--- INPUT MATERIAL ---
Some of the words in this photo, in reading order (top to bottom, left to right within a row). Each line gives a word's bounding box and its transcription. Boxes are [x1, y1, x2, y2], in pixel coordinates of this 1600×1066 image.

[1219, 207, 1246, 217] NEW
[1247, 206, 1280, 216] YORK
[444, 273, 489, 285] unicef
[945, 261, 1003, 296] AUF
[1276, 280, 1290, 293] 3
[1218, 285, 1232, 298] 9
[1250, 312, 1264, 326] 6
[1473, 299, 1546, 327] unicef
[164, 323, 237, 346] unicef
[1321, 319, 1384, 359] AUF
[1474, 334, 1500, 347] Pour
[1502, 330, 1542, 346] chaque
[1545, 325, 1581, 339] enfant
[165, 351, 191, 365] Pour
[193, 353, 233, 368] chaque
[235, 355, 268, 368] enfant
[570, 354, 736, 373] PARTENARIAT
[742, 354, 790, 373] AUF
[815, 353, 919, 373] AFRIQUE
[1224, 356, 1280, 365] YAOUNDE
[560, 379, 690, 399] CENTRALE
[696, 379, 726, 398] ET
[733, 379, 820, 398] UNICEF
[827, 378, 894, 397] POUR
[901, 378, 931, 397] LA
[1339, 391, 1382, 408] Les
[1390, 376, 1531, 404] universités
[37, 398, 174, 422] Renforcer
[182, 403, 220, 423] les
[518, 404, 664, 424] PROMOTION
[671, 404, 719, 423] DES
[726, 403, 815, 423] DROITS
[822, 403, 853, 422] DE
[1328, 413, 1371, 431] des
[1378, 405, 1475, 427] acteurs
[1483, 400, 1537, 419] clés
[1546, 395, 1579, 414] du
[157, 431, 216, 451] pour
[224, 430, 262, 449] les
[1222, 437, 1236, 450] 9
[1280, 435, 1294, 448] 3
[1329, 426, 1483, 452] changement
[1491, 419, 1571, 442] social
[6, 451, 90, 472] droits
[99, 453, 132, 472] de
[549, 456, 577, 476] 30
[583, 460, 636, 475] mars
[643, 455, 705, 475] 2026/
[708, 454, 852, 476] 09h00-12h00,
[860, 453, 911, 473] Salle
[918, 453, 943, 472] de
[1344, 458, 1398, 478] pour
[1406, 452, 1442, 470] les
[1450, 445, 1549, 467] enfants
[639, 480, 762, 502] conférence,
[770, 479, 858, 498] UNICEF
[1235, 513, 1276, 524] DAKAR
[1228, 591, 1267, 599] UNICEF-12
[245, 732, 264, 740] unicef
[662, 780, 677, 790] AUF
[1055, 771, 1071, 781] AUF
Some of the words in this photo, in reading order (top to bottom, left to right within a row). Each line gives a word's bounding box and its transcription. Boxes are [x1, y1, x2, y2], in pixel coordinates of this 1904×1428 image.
---
**EXERCISE PROMPT:**
Set down the records again in full. Match them exactly.

**ANSWER:**
Some of the words in this photo, in reading order (top to bottom, left to right within a row). Each line gives a word's bounding box and its transcription. Boxes are [x1, y1, x2, y2], in pixel coordinates of this 1600×1066 image.

[1219, 207, 1246, 217] NEW
[1247, 206, 1280, 216] YORK
[444, 273, 489, 285] unicef
[945, 261, 1003, 296] AUF
[1276, 280, 1290, 293] 3
[1218, 285, 1232, 298] 9
[1250, 312, 1264, 326] 6
[1473, 299, 1546, 327] unicef
[164, 323, 237, 346] unicef
[1321, 319, 1384, 359] AUF
[1474, 334, 1500, 347] Pour
[1502, 330, 1542, 346] chaque
[1545, 325, 1581, 339] enfant
[165, 351, 191, 365] Pour
[193, 353, 233, 368] chaque
[235, 355, 268, 368] enfant
[570, 354, 736, 373] PARTENARIAT
[742, 354, 790, 373] AUF
[815, 353, 919, 373] AFRIQUE
[1224, 356, 1280, 365] YAOUNDE
[560, 379, 690, 399] CENTRALE
[696, 379, 726, 398] ET
[733, 379, 820, 398] UNICEF
[827, 378, 894, 397] POUR
[901, 378, 931, 397] LA
[1339, 391, 1382, 408] Les
[1390, 376, 1531, 404] universités
[37, 398, 174, 422] Renforcer
[182, 403, 220, 423] les
[518, 404, 664, 424] PROMOTION
[671, 404, 719, 423] DES
[726, 403, 815, 423] DROITS
[822, 403, 853, 422] DE
[1328, 413, 1371, 431] des
[1378, 405, 1475, 427] acteurs
[1483, 400, 1537, 419] clés
[1546, 395, 1579, 414] du
[157, 431, 216, 451] pour
[224, 430, 262, 449] les
[1222, 437, 1236, 450] 9
[1280, 435, 1294, 448] 3
[1329, 426, 1483, 452] changement
[1491, 419, 1571, 442] social
[6, 451, 90, 472] droits
[99, 453, 132, 472] de
[549, 456, 577, 476] 30
[583, 460, 636, 475] mars
[643, 455, 705, 475] 2026/
[708, 454, 852, 476] 09h00-12h00,
[860, 453, 911, 473] Salle
[918, 453, 943, 472] de
[1344, 458, 1398, 478] pour
[1406, 452, 1442, 470] les
[1450, 445, 1549, 467] enfants
[639, 480, 762, 502] conférence,
[770, 479, 858, 498] UNICEF
[1235, 513, 1276, 524] DAKAR
[1228, 591, 1267, 599] UNICEF-12
[245, 732, 264, 740] unicef
[662, 780, 677, 790] AUF
[1055, 771, 1071, 781] AUF
Some of the words in this photo, in reading order (top to bottom, left to right within a row). Each line gives a word's bounding box and its transcription. Boxes are [x1, y1, x2, y2], in pixel coordinates of this 1904×1428 image.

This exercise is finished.